What to work on:
Please restate every entry exactly. Leave out the pictures.

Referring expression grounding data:
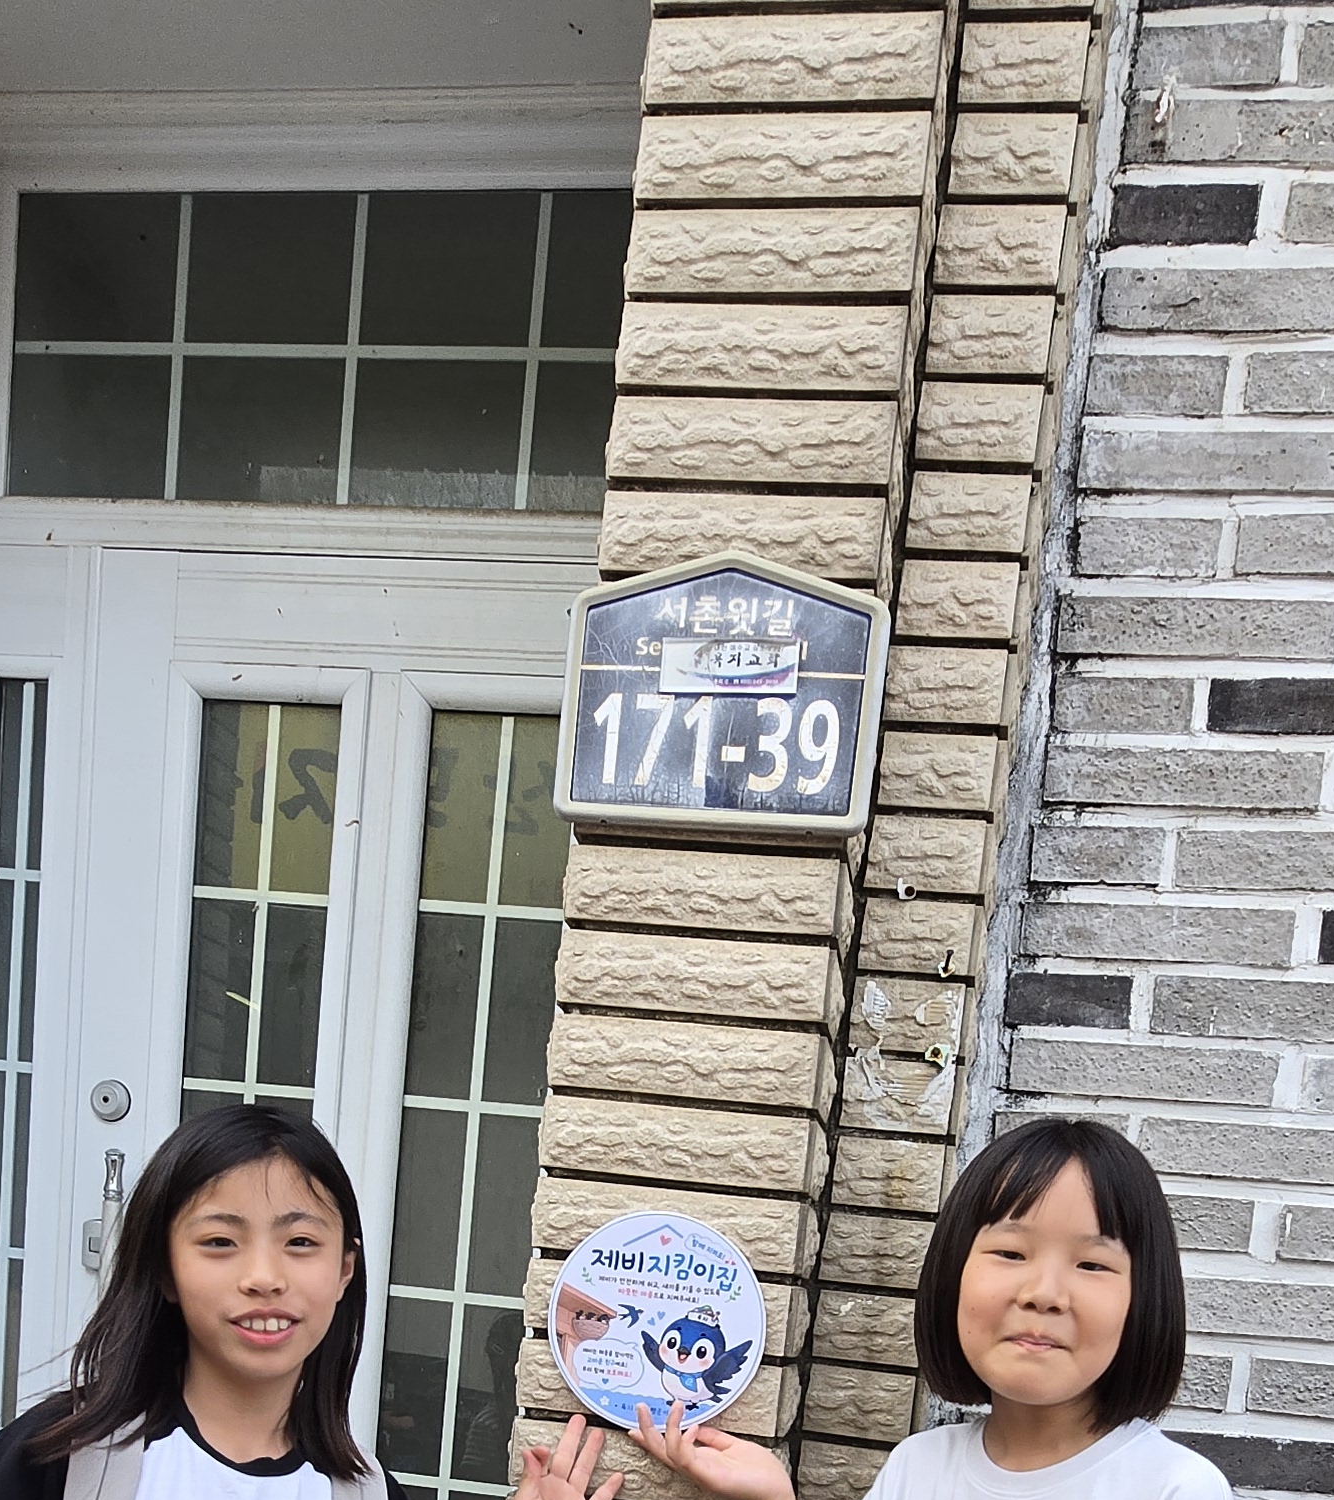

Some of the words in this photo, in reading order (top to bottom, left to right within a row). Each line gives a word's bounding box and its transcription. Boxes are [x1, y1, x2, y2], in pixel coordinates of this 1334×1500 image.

[655, 596, 794, 636] 서촌윗길
[593, 692, 840, 795] 171-39
[590, 1248, 738, 1292] 제비지킴이집
[598, 1275, 618, 1284] 제비가
[619, 1277, 645, 1287] 안전하게
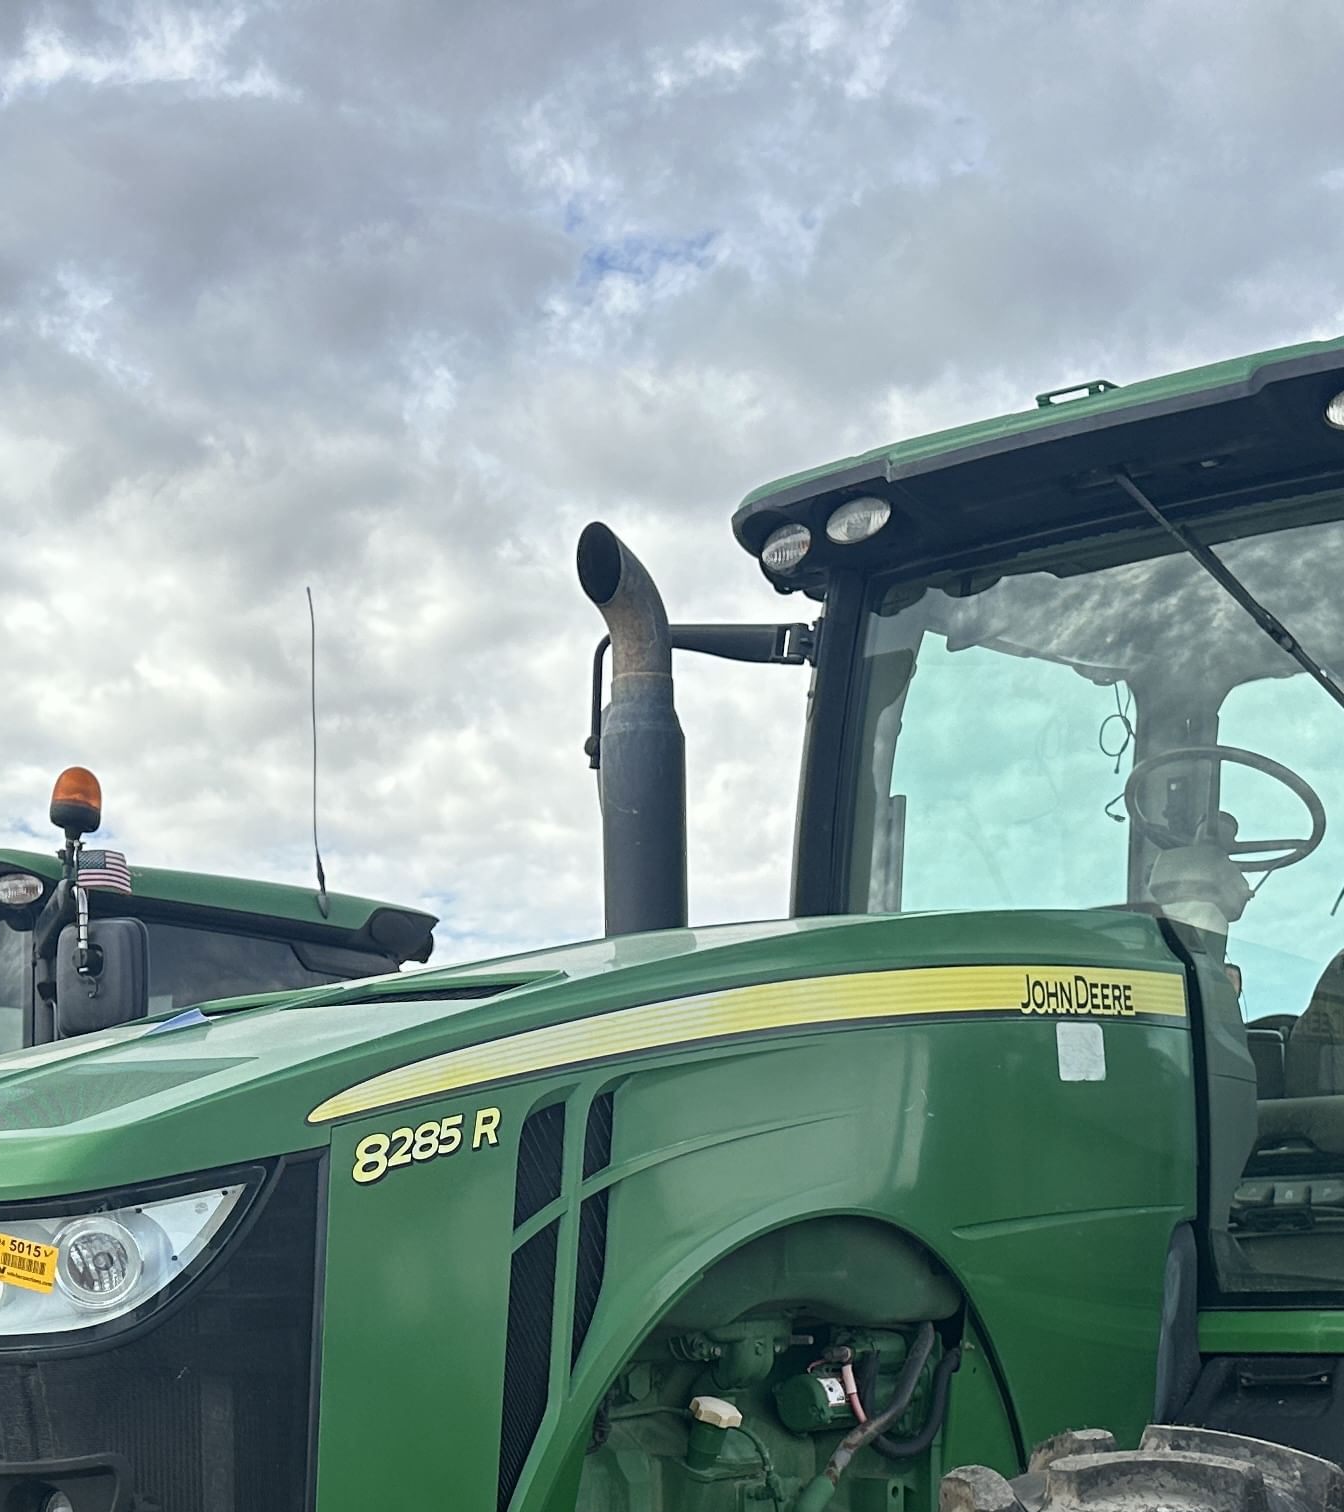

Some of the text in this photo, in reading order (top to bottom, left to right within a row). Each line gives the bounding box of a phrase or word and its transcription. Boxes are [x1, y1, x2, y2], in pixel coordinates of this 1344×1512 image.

[1020, 973, 1135, 1012] JOHN DEERE
[352, 1106, 502, 1185] 8285 R
[9, 1239, 42, 1258] 5015

Written response:
Some of the words in this photo, in reading order (top to bottom, left to right within a row). Each line gives a word's bounding box and its transcription. Boxes are [x1, y1, x2, y2], in pixel coordinates of this 1334×1500 image.

[655, 596, 794, 636] 서촌윗길
[593, 692, 840, 795] 171-39
[590, 1248, 738, 1292] 제비지킴이집
[598, 1275, 618, 1284] 제비가
[619, 1277, 645, 1287] 안전하게

Some of the text in this photo, in reading order (top to bottom, left to right within a row). Each line gives the bounding box of a phrase or word and its transcription. Boxes are [x1, y1, x2, y2], in pixel coordinates of this 1344×1512 image.

[1020, 973, 1135, 1012] JOHN DEERE
[352, 1106, 502, 1185] 8285 R
[9, 1239, 42, 1258] 5015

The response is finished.